Mild hepatic steatosis is not a major risk factor for hepatectomy and regenerative power is not impaired

Department of Surgery, Seoul National University, Sŏul, Seoul, South Korea
Surgery (Impact Factor: 3.38). 05/2006; 139(4):508-15. DOI: 10.1016/j.surg.2005.09.007
Source: PubMed


An understanding of the regeneration power and operative risk of steatotic livers after hepatectomy is still unclear. We evaluated the volume regeneration and outcome of steatotic livers after donor hepatectomy.
Fifty-four, consecutive living liver donors from September 2002 to December 2003 were evaluated prospectively by volumetric analysis, liver-spleen ratio, and liver attenuation index; the latter has been shown by serial computed tomographic scanning to be correlated strongly with histologic steatosis. Donors were followed up completely for at least 1 year (460-915 days) and were allocated according to histologic degree of macrovesicular steatosis: group 1, <5% (n = 36); group 2, 5%-30% (n = 18).

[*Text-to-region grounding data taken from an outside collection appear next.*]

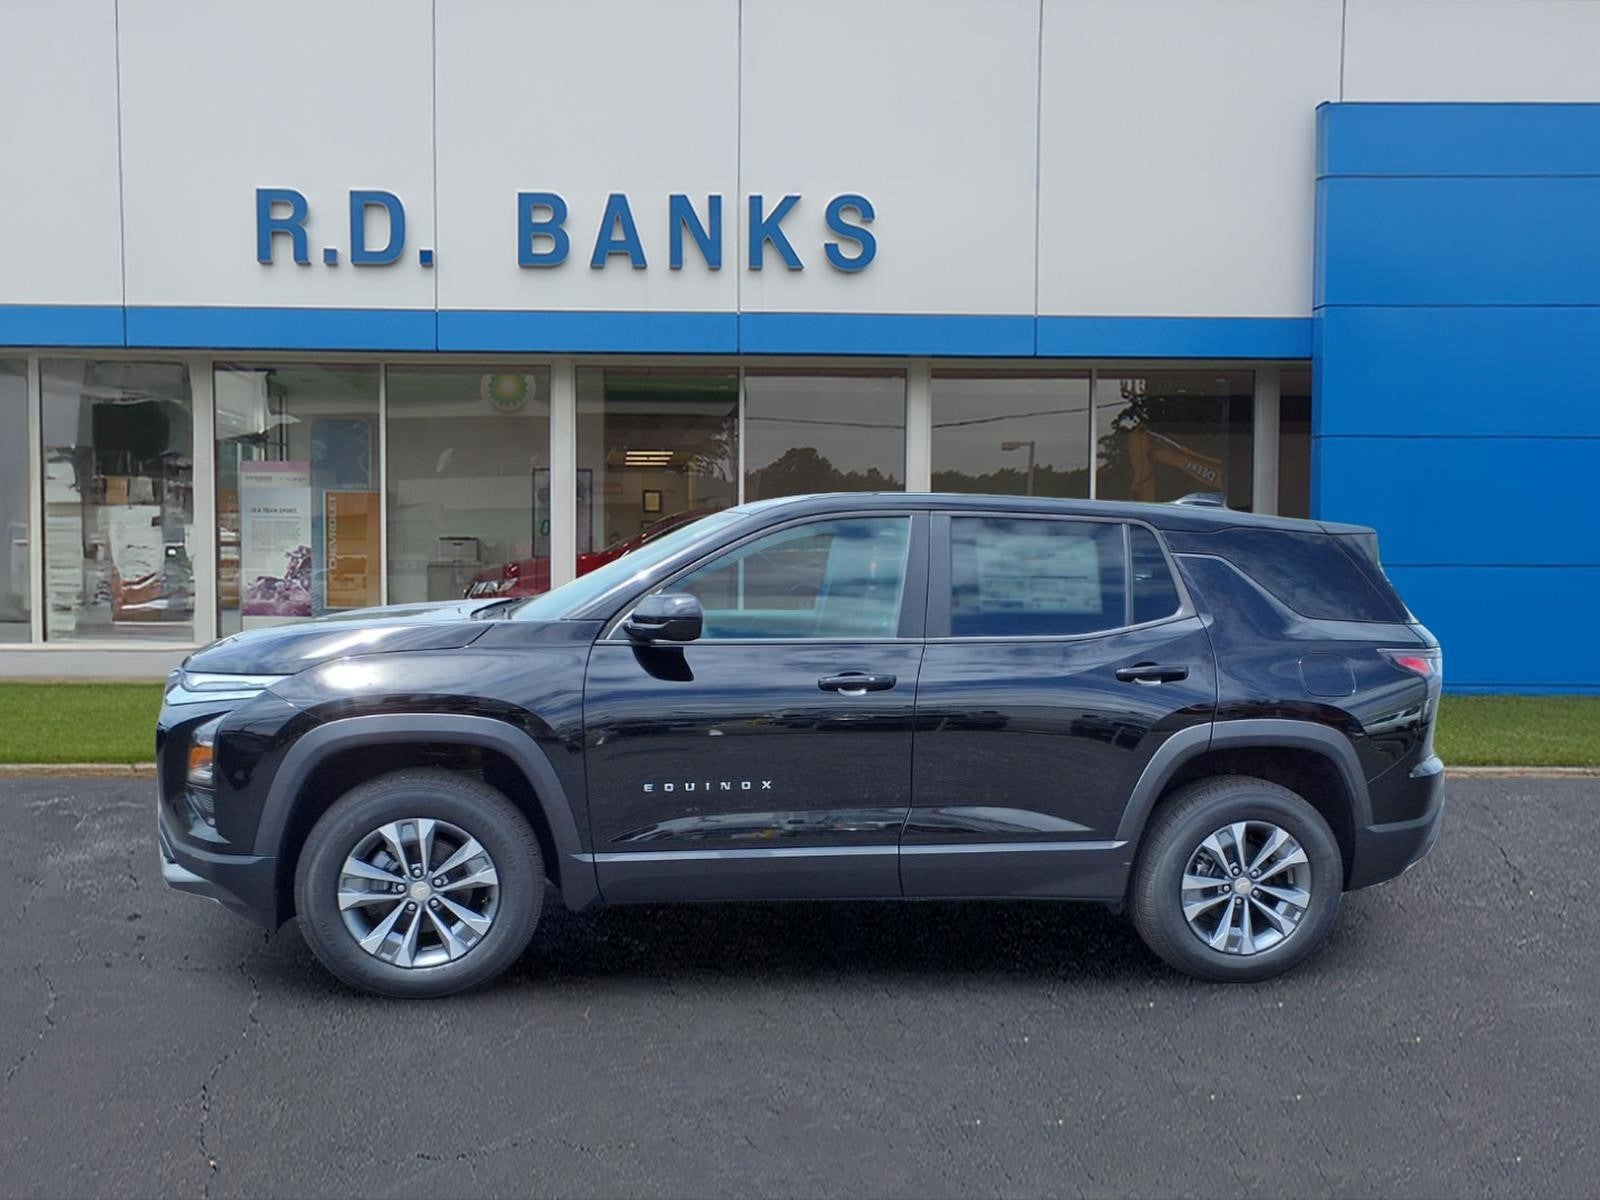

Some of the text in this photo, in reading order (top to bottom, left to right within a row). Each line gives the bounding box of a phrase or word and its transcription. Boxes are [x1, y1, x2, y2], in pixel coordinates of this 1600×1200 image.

[256, 188, 878, 272] R.D. BANKS
[643, 780, 772, 792] EQUINOX
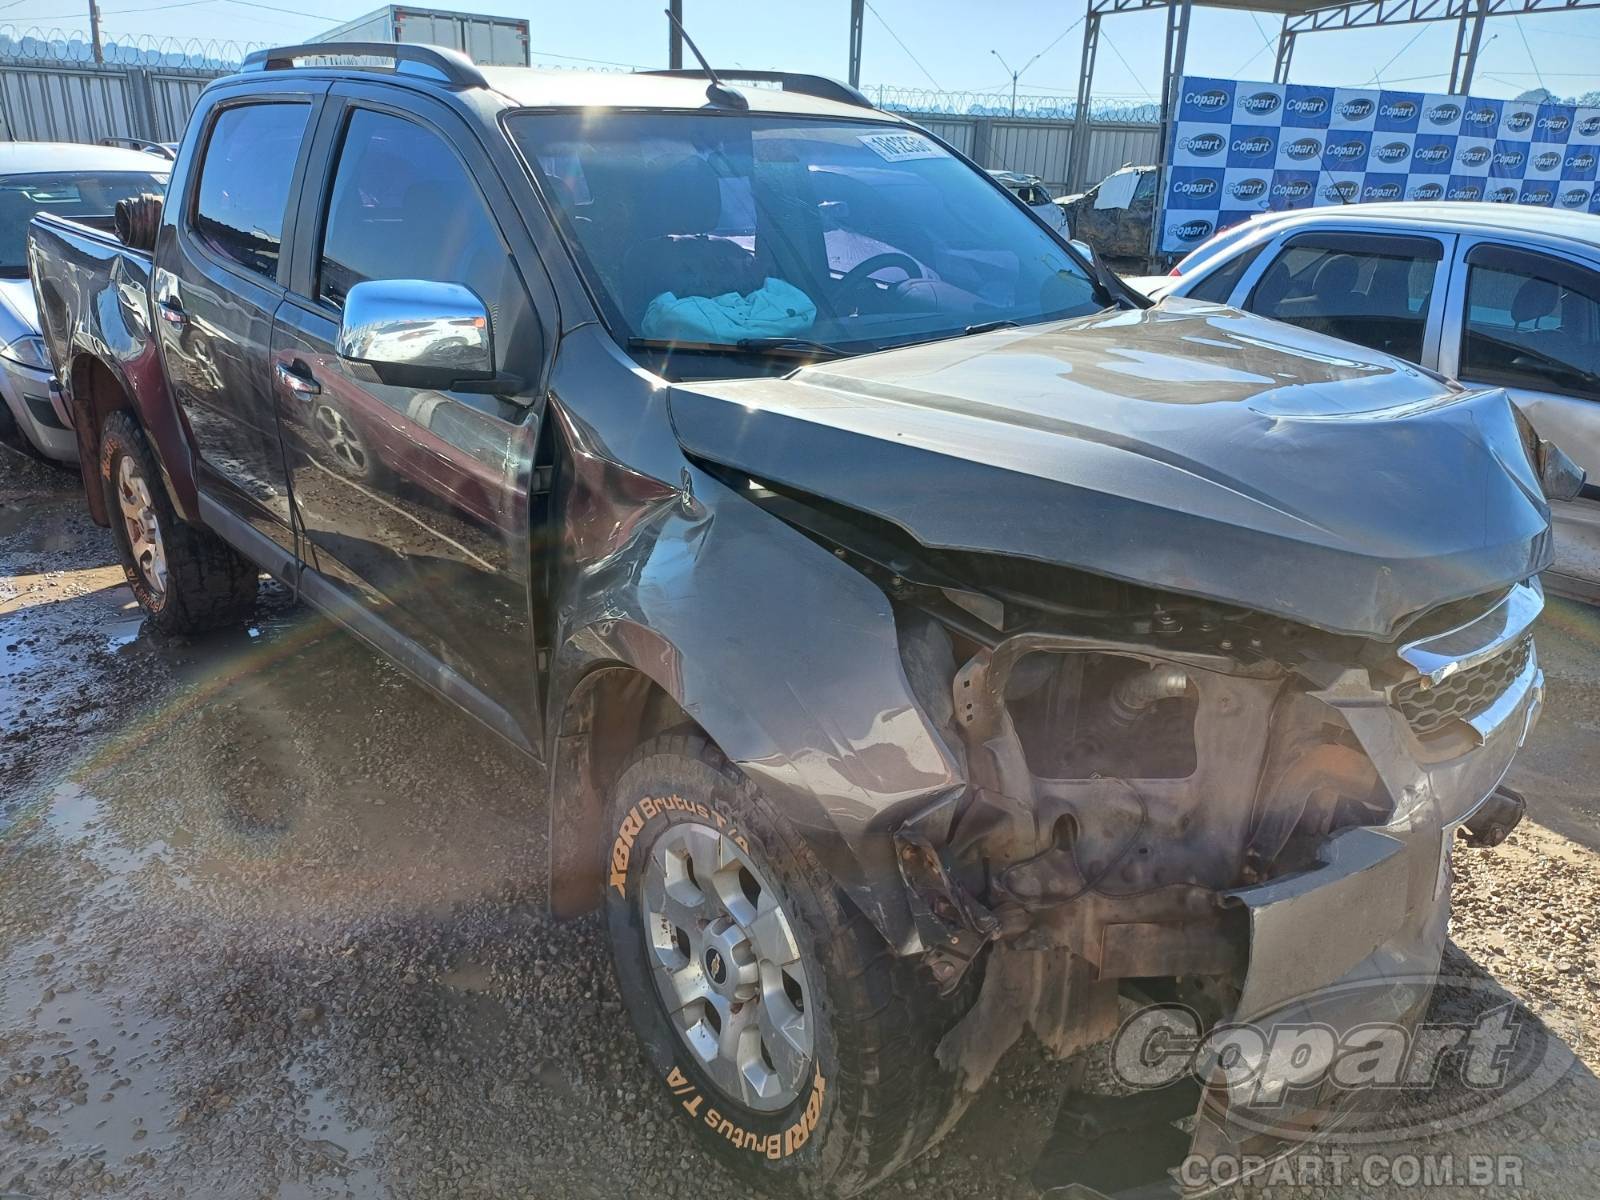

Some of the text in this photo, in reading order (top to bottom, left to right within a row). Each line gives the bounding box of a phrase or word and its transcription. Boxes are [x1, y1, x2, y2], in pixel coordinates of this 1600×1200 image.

[1185, 92, 1225, 109] Copart
[1238, 95, 1276, 110] Copart
[1286, 99, 1324, 113] Copart
[1335, 102, 1370, 117] Copart
[1380, 104, 1414, 119] Copart
[1424, 107, 1456, 120] Copart
[1464, 110, 1495, 124] Copart
[1537, 117, 1567, 131] Copart
[1179, 138, 1220, 152] Copart
[1231, 140, 1270, 154] Copart
[1326, 144, 1362, 157] Copart
[1372, 147, 1405, 159] Copart
[1415, 149, 1447, 161] Copart
[1457, 149, 1486, 161] Copart
[1494, 153, 1521, 165] Copart
[1173, 181, 1214, 195] Copart
[1225, 183, 1261, 196] Copart
[1272, 184, 1308, 196] Copart
[1364, 186, 1397, 199] Copart
[1408, 187, 1438, 199] Copart
[1448, 189, 1478, 200] Copart
[1167, 224, 1207, 238] Copart
[610, 806, 646, 898] XBRI
[639, 794, 709, 820] Brutus
[666, 1056, 826, 1159] XBRI Brutus T/A

No mortality or hepatic failure was observed, and no donor required reoperation or intraoperative transfusion. The results of serial liver function tests, and major and minor morbidities were comparable between groups. Liver-spleen ratio and liver attenuation index remained at a constant level above normal values postoperatively in group 1, but increased rapidly above normal values in group 2. No difference in the rate of liver regeneration at 10 days after hepatectomy was found between the groups (P = .487), but the liver regeneration rate at 3 months after hepatectomy in group 1 was slightly higher than that in group 2 (P < .044). However, no difference was observed between the 2 groups at 1 year after hepatectomy (P = .4).
Mild hepatic steatosis is cleared immediately after hepatectomy, and early regeneration power is impaired, but the long-term regenerative power is comparable. Hepatectomy in donors with mild steatosis can be performed with low morbidity.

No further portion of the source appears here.